**LISTED RECORDS:**
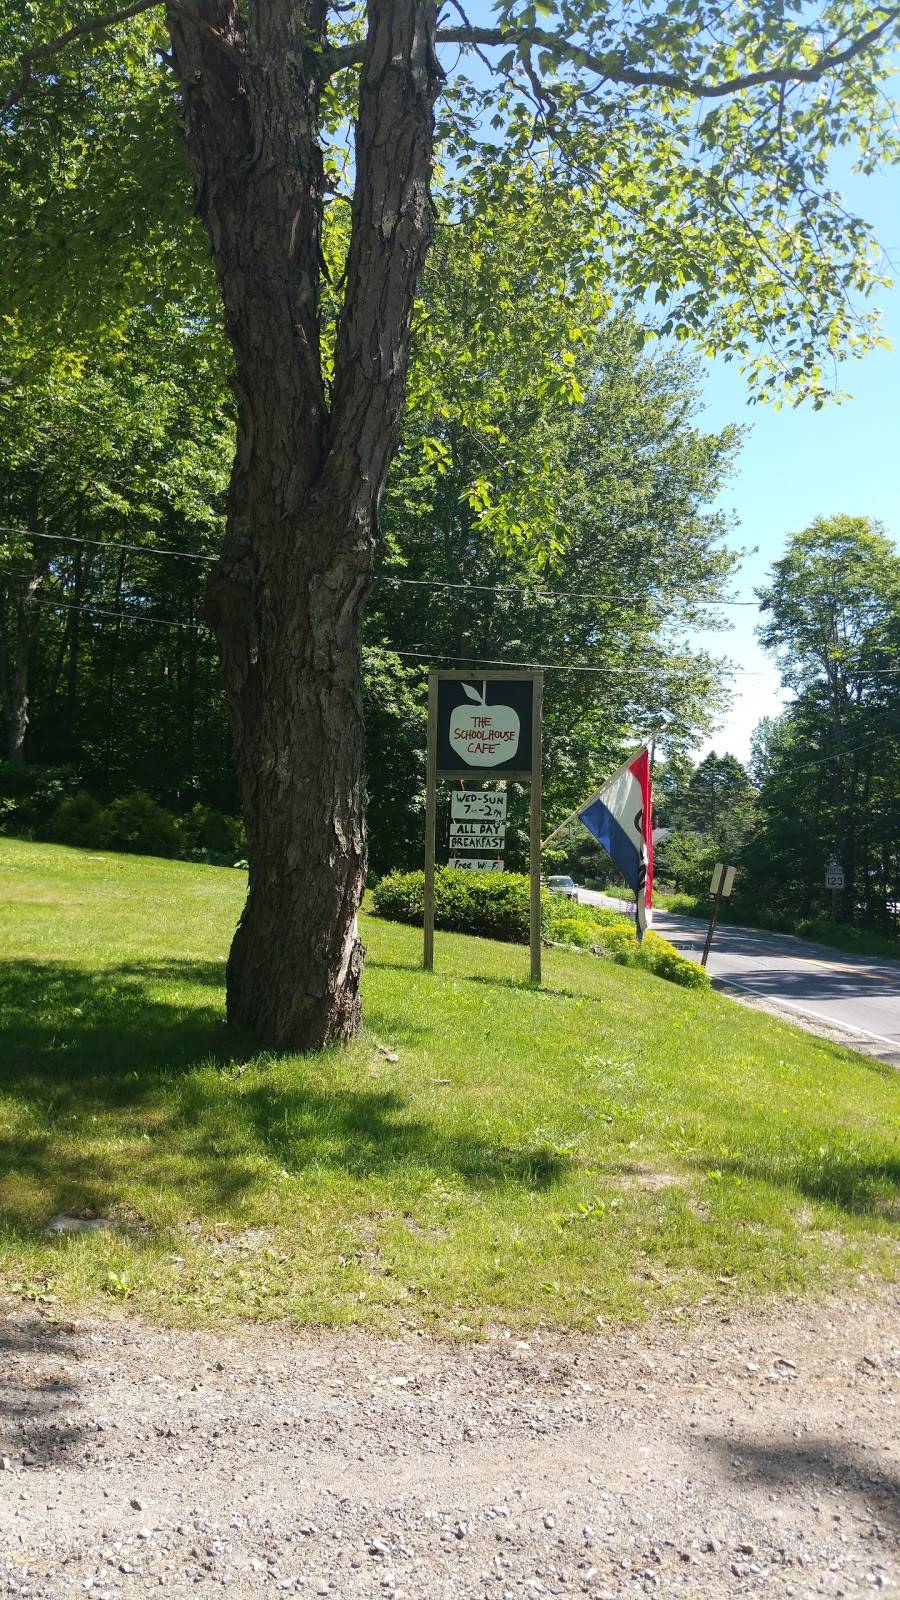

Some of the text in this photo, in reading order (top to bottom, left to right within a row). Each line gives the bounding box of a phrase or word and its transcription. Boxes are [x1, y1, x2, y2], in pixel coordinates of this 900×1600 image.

[470, 716, 493, 729] THE
[453, 728, 516, 742] SCHOOLHOUSE
[456, 824, 500, 835] ALL DAY
[451, 837, 505, 848] BREAKFAST
[454, 859, 472, 870] Free
[827, 876, 843, 886] 123
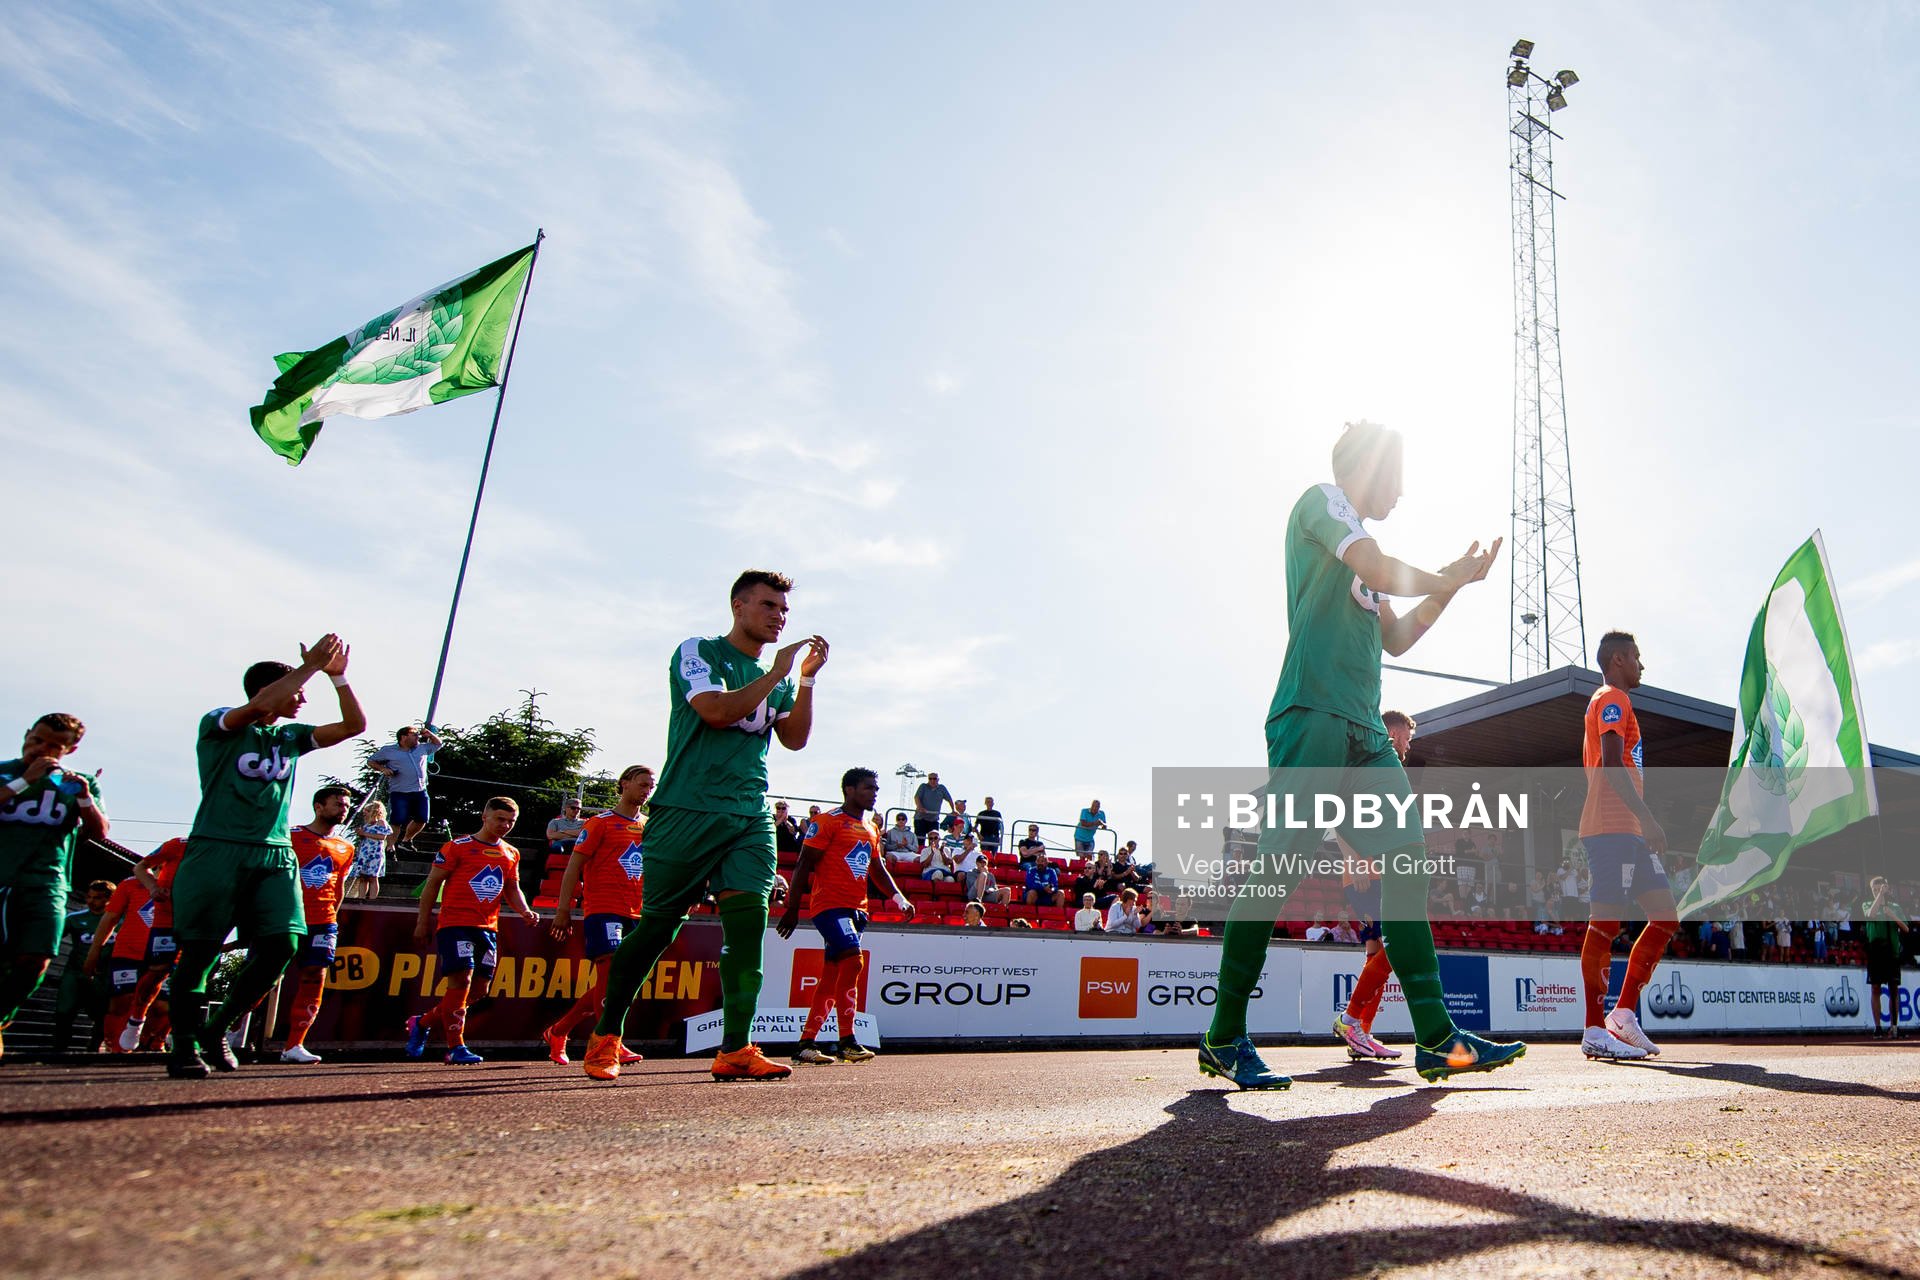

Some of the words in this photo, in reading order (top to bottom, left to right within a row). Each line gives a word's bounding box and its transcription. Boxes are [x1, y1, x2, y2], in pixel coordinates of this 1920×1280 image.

[685, 667, 708, 677] OBOS
[329, 953, 364, 984] PB
[881, 964, 931, 975] PETRO
[934, 965, 999, 976] SUPPORT
[1002, 966, 1039, 977] WEST
[1148, 970, 1186, 979] PETRO
[1188, 971, 1220, 980] SUPP
[388, 953, 703, 999] PIABAKEN
[880, 981, 1031, 1006] GROUP
[1087, 981, 1131, 995] PSW
[1516, 977, 1576, 1002] Maritime
[1148, 985, 1264, 1006] GROP
[1527, 994, 1577, 1003] Construction
[1702, 990, 1736, 1004] COAST
[1739, 991, 1777, 1004] CENTER
[1778, 991, 1801, 1004] BASE
[1803, 992, 1815, 1004] AS
[1519, 1003, 1557, 1013] Solutions
[770, 1025, 796, 1033] ALL

**TASK INSTRUCTIONS:** Retype the full listing exactly; pictures stay out.

**THE ANSWER:**
Some of the text in this photo, in reading order (top to bottom, left to right within a row). Each line gives the bounding box of a phrase or word and its transcription. Boxes are [x1, y1, x2, y2], in pixel coordinates of this 900×1600 image.

[470, 716, 493, 729] THE
[453, 728, 516, 742] SCHOOLHOUSE
[456, 824, 500, 835] ALL DAY
[451, 837, 505, 848] BREAKFAST
[454, 859, 472, 870] Free
[827, 876, 843, 886] 123

Some of the words in this photo, in reading order (top to bottom, left to right within a row). Each line gives a word's bounding box and its transcription. Boxes are [x1, y1, x2, y2], in pixel coordinates of this 1920×1280 image.

[685, 667, 708, 677] OBOS
[329, 953, 364, 984] PB
[881, 964, 931, 975] PETRO
[934, 965, 999, 976] SUPPORT
[1002, 966, 1039, 977] WEST
[1148, 970, 1186, 979] PETRO
[1188, 971, 1220, 980] SUPP
[388, 953, 703, 999] PIABAKEN
[880, 981, 1031, 1006] GROUP
[1087, 981, 1131, 995] PSW
[1516, 977, 1576, 1002] Maritime
[1148, 985, 1264, 1006] GROP
[1527, 994, 1577, 1003] Construction
[1702, 990, 1736, 1004] COAST
[1739, 991, 1777, 1004] CENTER
[1778, 991, 1801, 1004] BASE
[1803, 992, 1815, 1004] AS
[1519, 1003, 1557, 1013] Solutions
[770, 1025, 796, 1033] ALL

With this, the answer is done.